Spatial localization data
+++

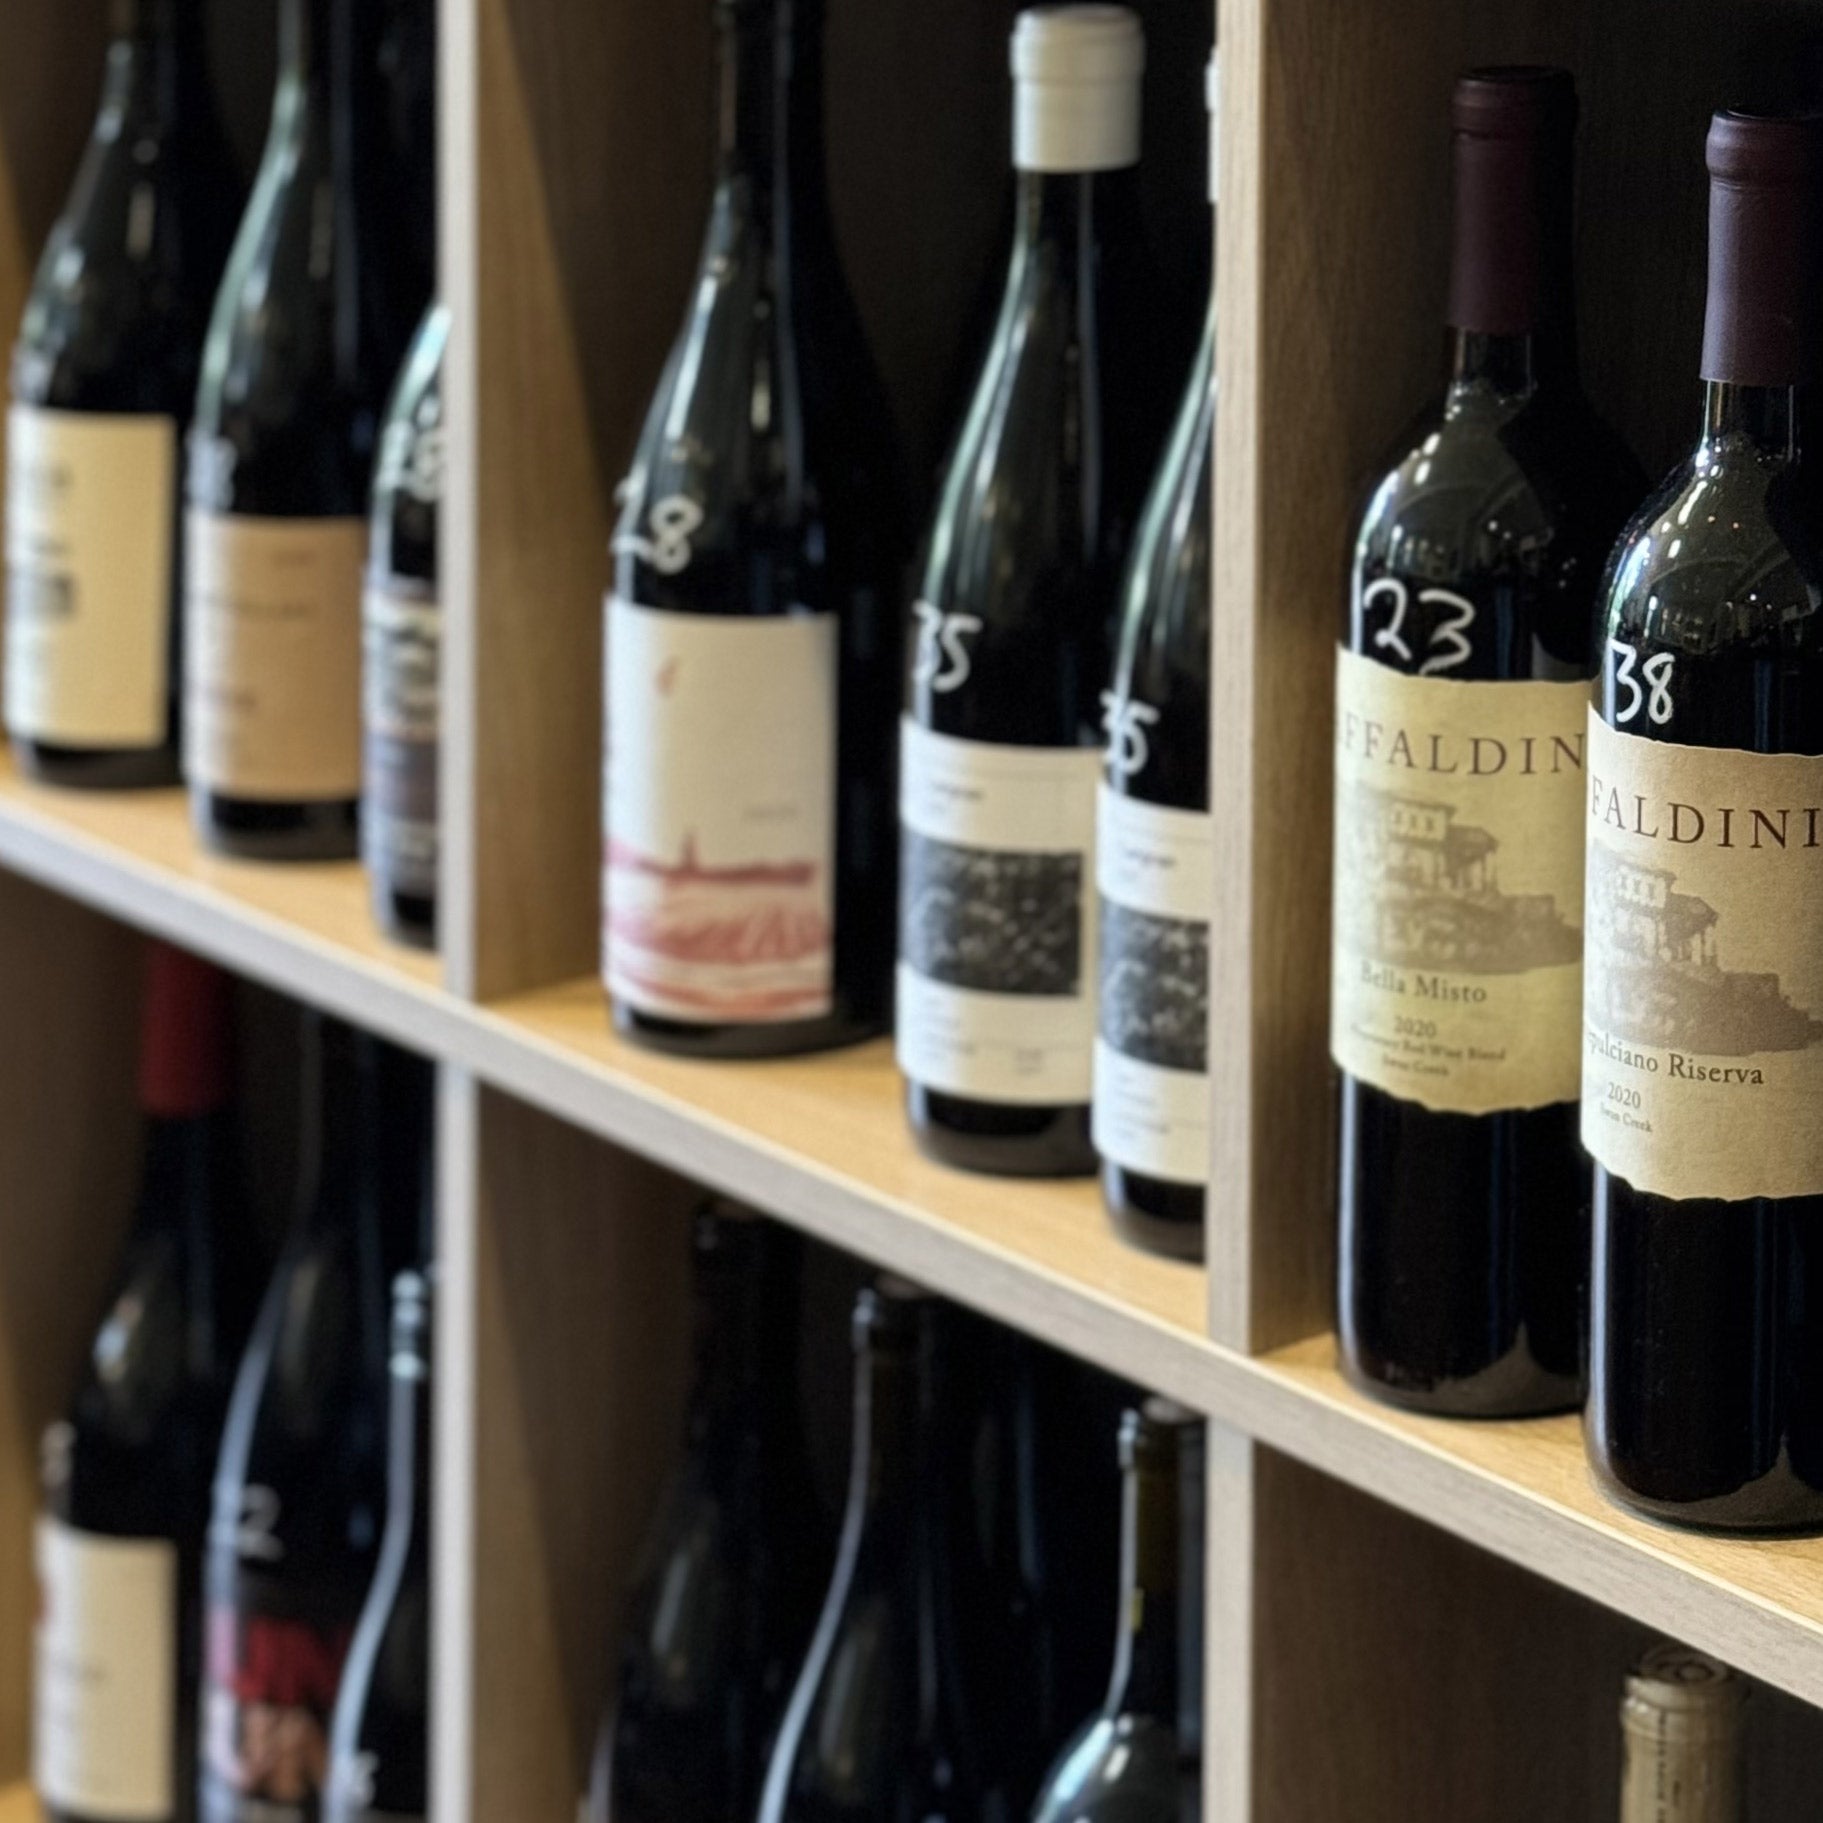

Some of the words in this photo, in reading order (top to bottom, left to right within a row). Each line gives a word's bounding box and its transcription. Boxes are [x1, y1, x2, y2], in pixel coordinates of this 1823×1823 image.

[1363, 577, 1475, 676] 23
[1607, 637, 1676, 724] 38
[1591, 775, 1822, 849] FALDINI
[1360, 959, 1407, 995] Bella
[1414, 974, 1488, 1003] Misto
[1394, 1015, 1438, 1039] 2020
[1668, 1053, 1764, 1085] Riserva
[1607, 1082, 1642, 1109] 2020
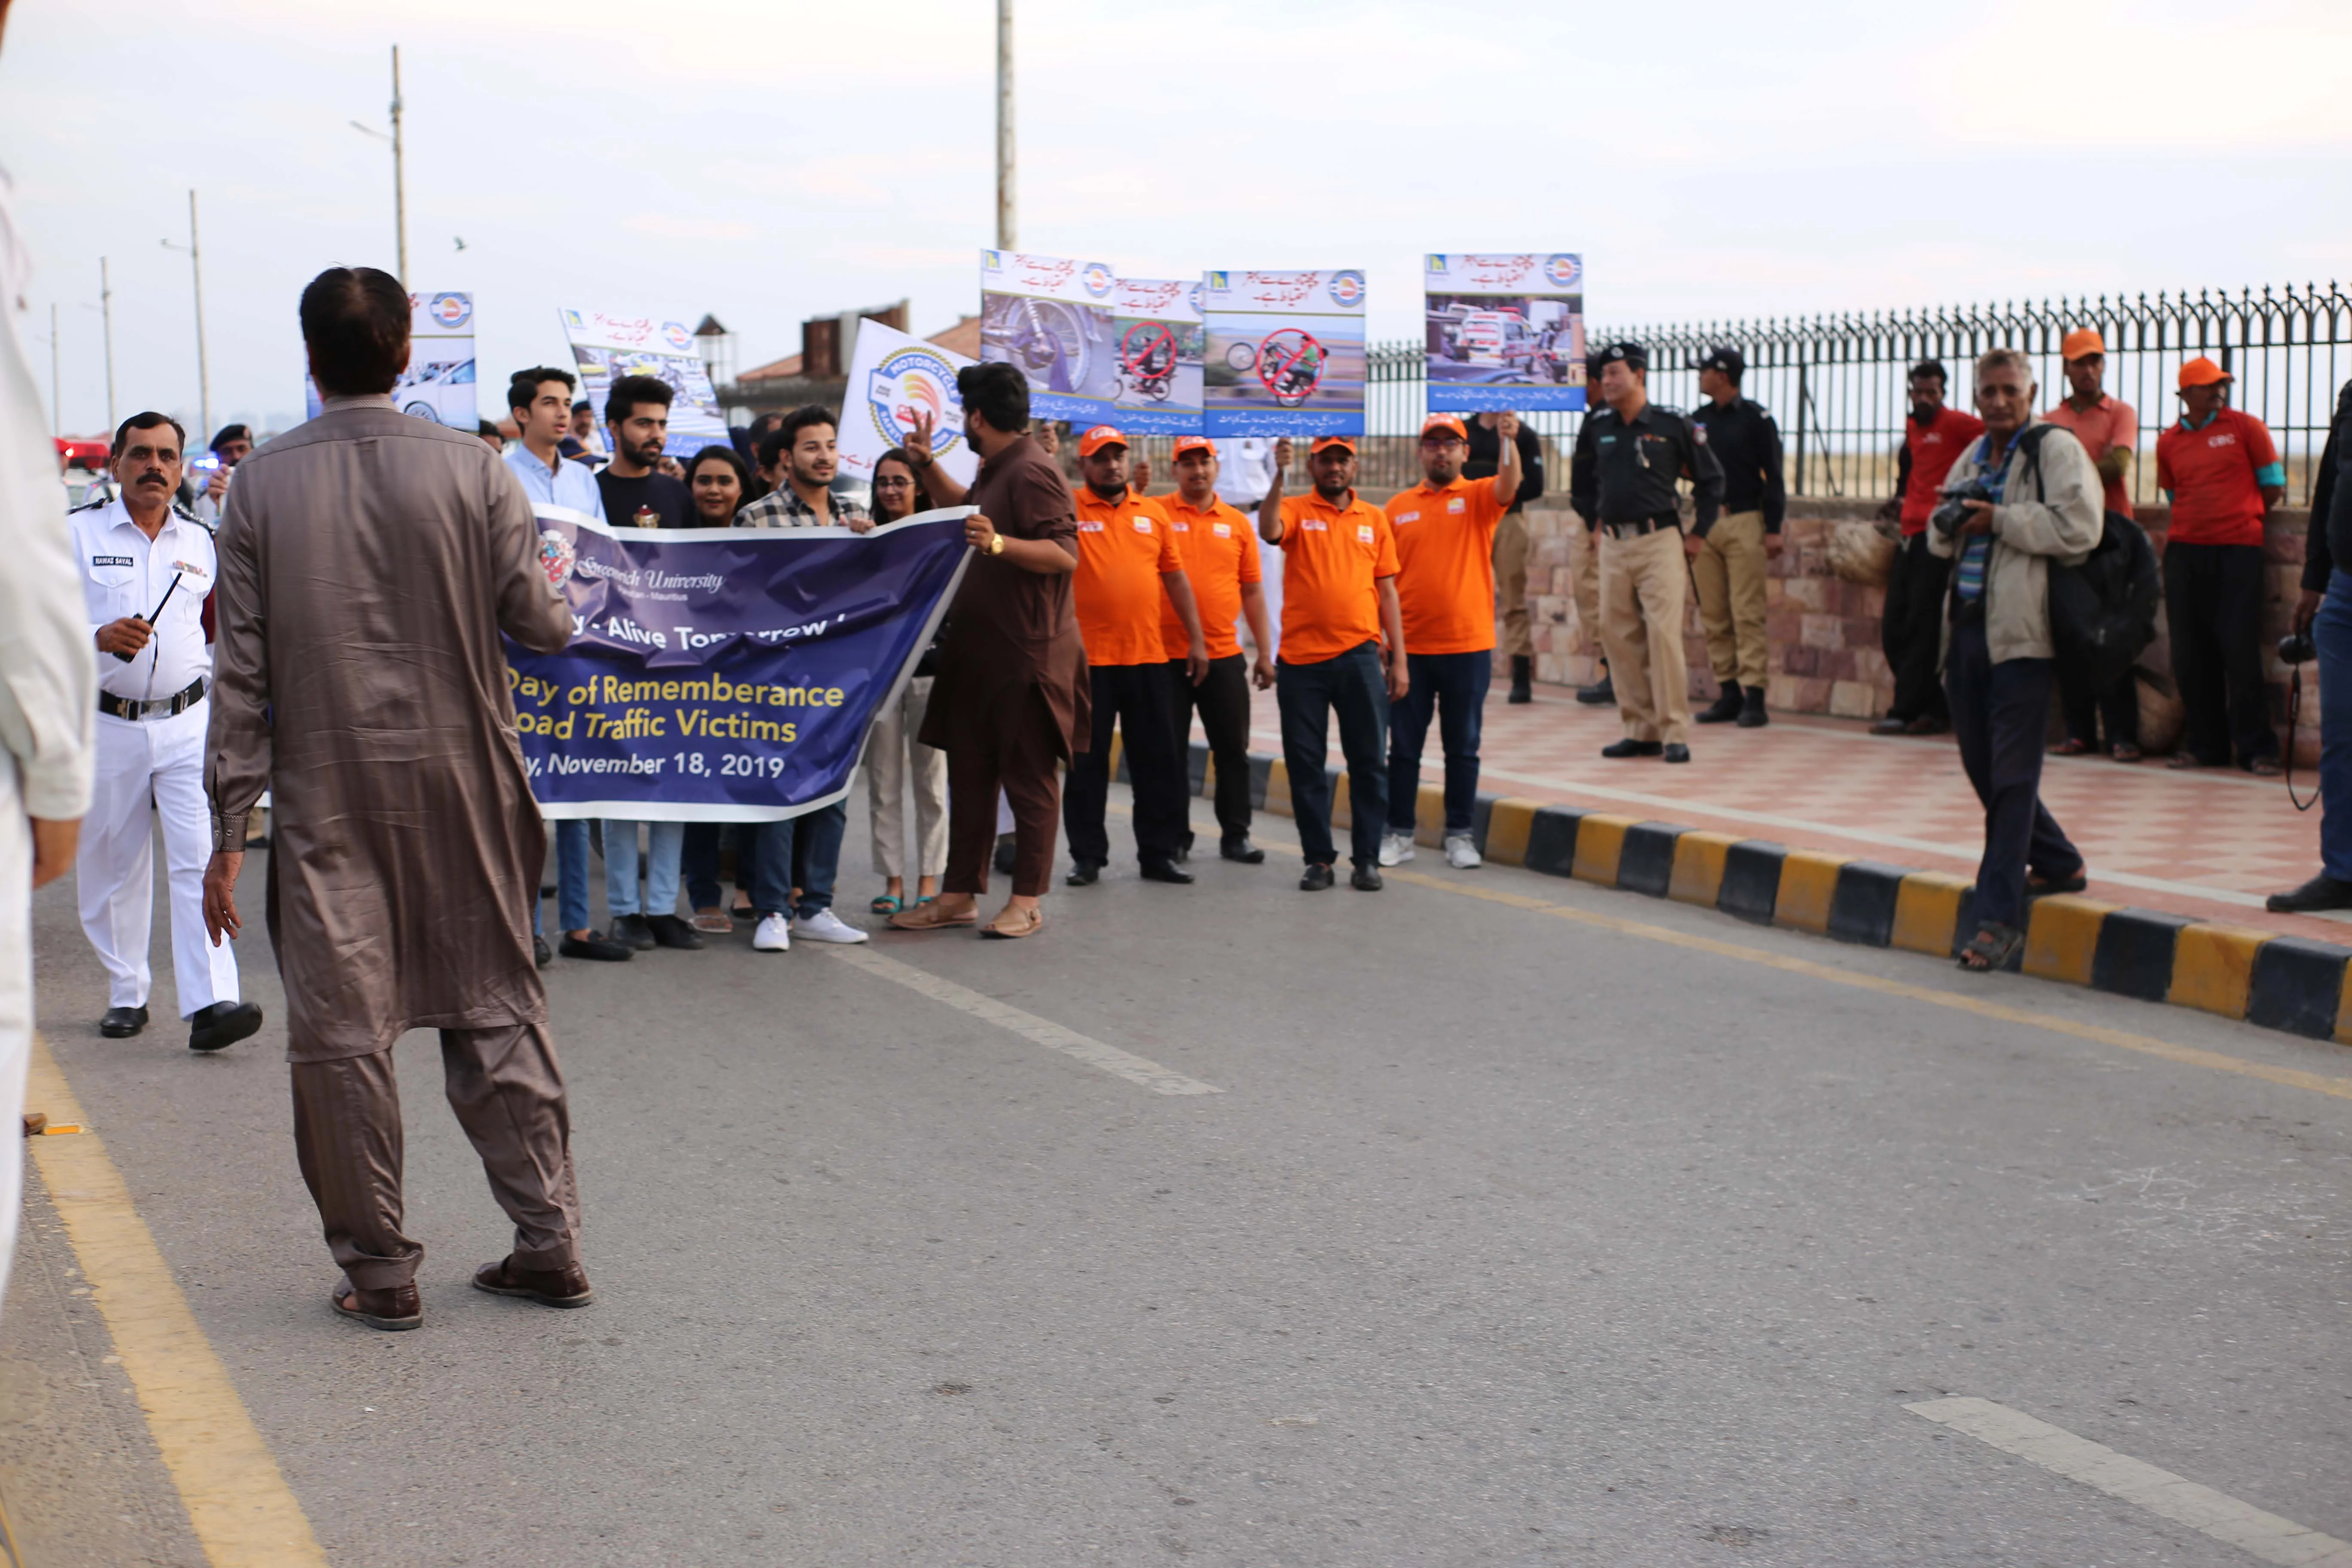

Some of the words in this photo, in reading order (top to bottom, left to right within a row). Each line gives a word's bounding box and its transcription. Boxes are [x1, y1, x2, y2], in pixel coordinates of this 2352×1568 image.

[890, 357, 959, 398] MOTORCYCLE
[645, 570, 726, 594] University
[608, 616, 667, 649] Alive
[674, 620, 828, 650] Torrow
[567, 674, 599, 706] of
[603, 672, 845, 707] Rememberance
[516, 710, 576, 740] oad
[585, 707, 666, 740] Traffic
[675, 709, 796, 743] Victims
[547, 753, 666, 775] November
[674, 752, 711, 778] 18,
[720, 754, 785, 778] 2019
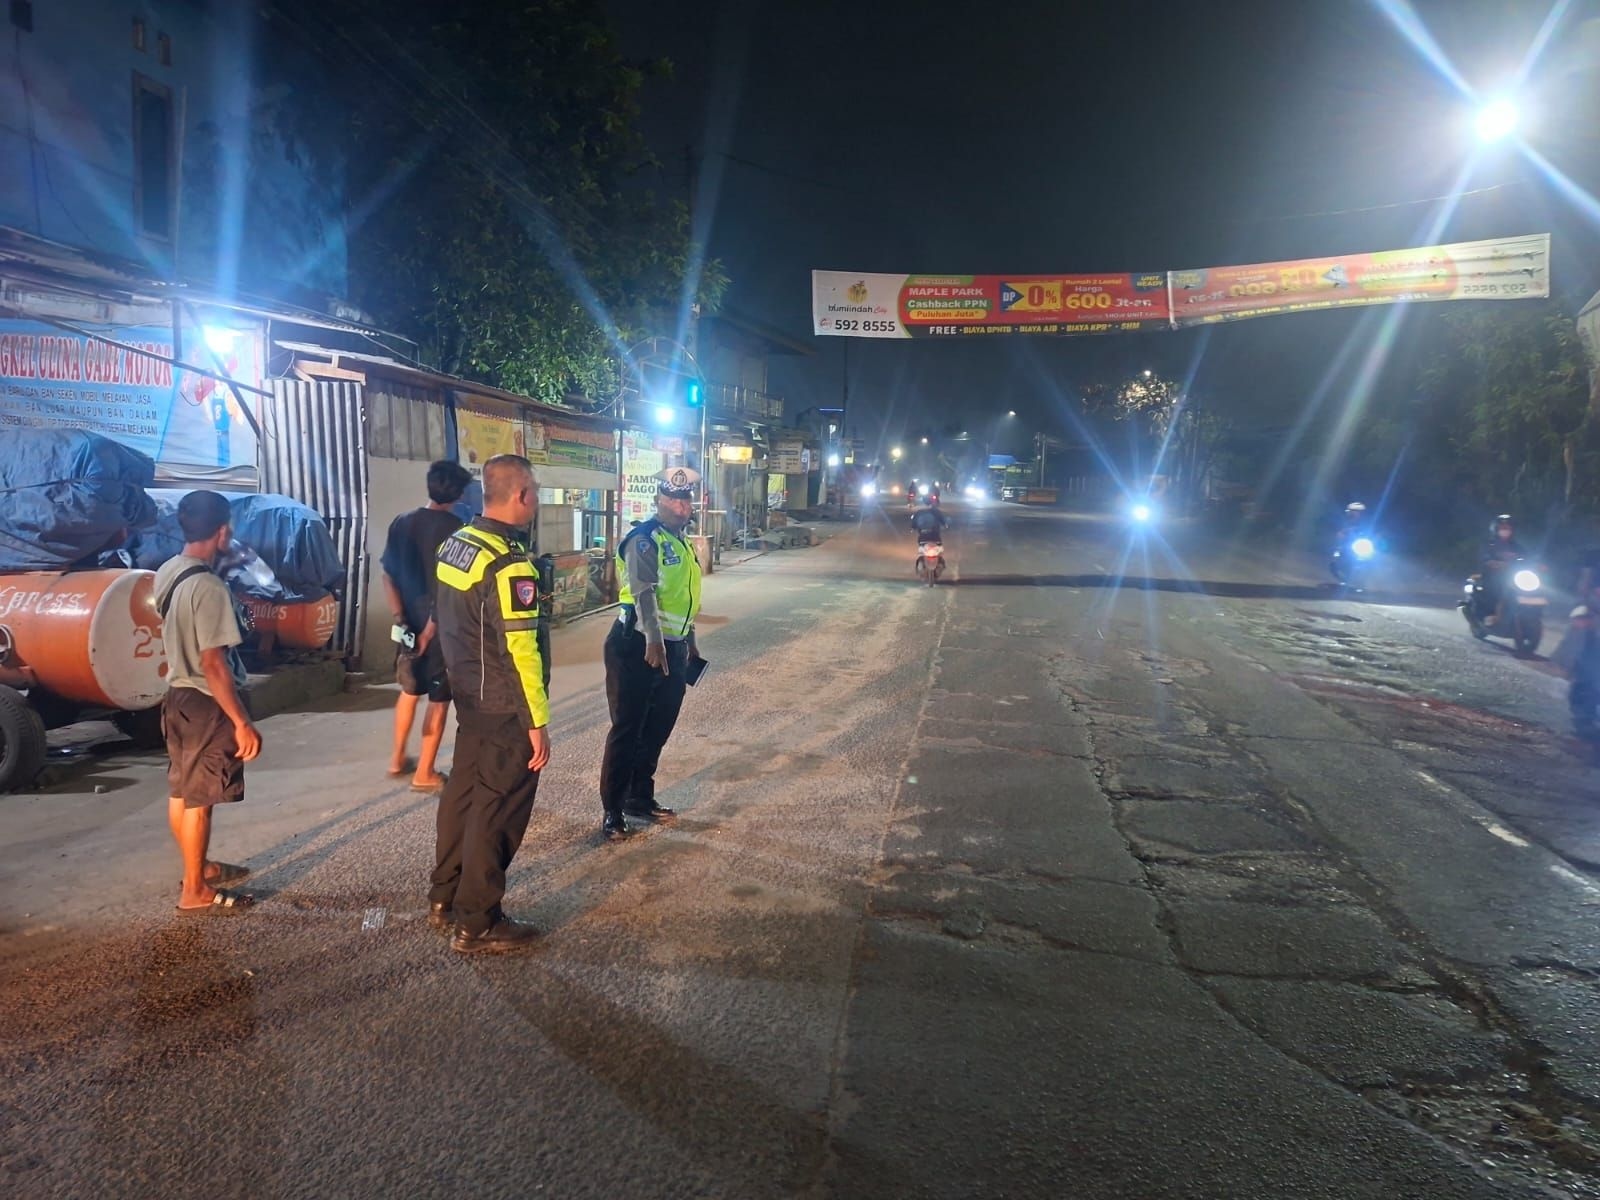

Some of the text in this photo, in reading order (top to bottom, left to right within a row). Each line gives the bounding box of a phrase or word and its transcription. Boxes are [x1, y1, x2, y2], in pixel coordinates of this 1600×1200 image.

+++

TASK REQUIREMENTS: Without any pictures, return the entries exactly as given.

TASK ANSWER:
Some of the words in this photo, in reading order (top to bottom, left to right within a row). Each line gives a word's bounding box and its transcription. Boxes are [x1, y1, x2, y2], in pixel coordinates of this 1823×1823 image.

[1363, 577, 1475, 676] 23
[1607, 637, 1676, 724] 38
[1591, 775, 1822, 849] FALDINI
[1360, 959, 1407, 995] Bella
[1414, 974, 1488, 1003] Misto
[1394, 1015, 1438, 1039] 2020
[1668, 1053, 1764, 1085] Riserva
[1607, 1082, 1642, 1109] 2020

Some of the words in this photo, in reading order (top to bottom, left to right within a row). Each line gives a word's bounding box and its transcription. Boxes are [x1, y1, x2, y2], in pixel coordinates of this 2352×1568 image.

[890, 357, 959, 398] MOTORCYCLE
[645, 570, 726, 594] University
[608, 616, 667, 649] Alive
[674, 620, 828, 650] Torrow
[567, 674, 599, 706] of
[603, 672, 845, 707] Rememberance
[516, 710, 576, 740] oad
[585, 707, 666, 740] Traffic
[675, 709, 796, 743] Victims
[547, 753, 666, 775] November
[674, 752, 711, 778] 18,
[720, 754, 785, 778] 2019

Some of the text in this photo, in reading order (top to bottom, left to right within a row). Each line gives the bounding box of a phrase or word and its transcription. Boxes are [x1, y1, x2, y2], in pixel coordinates of this 1600×1200 image.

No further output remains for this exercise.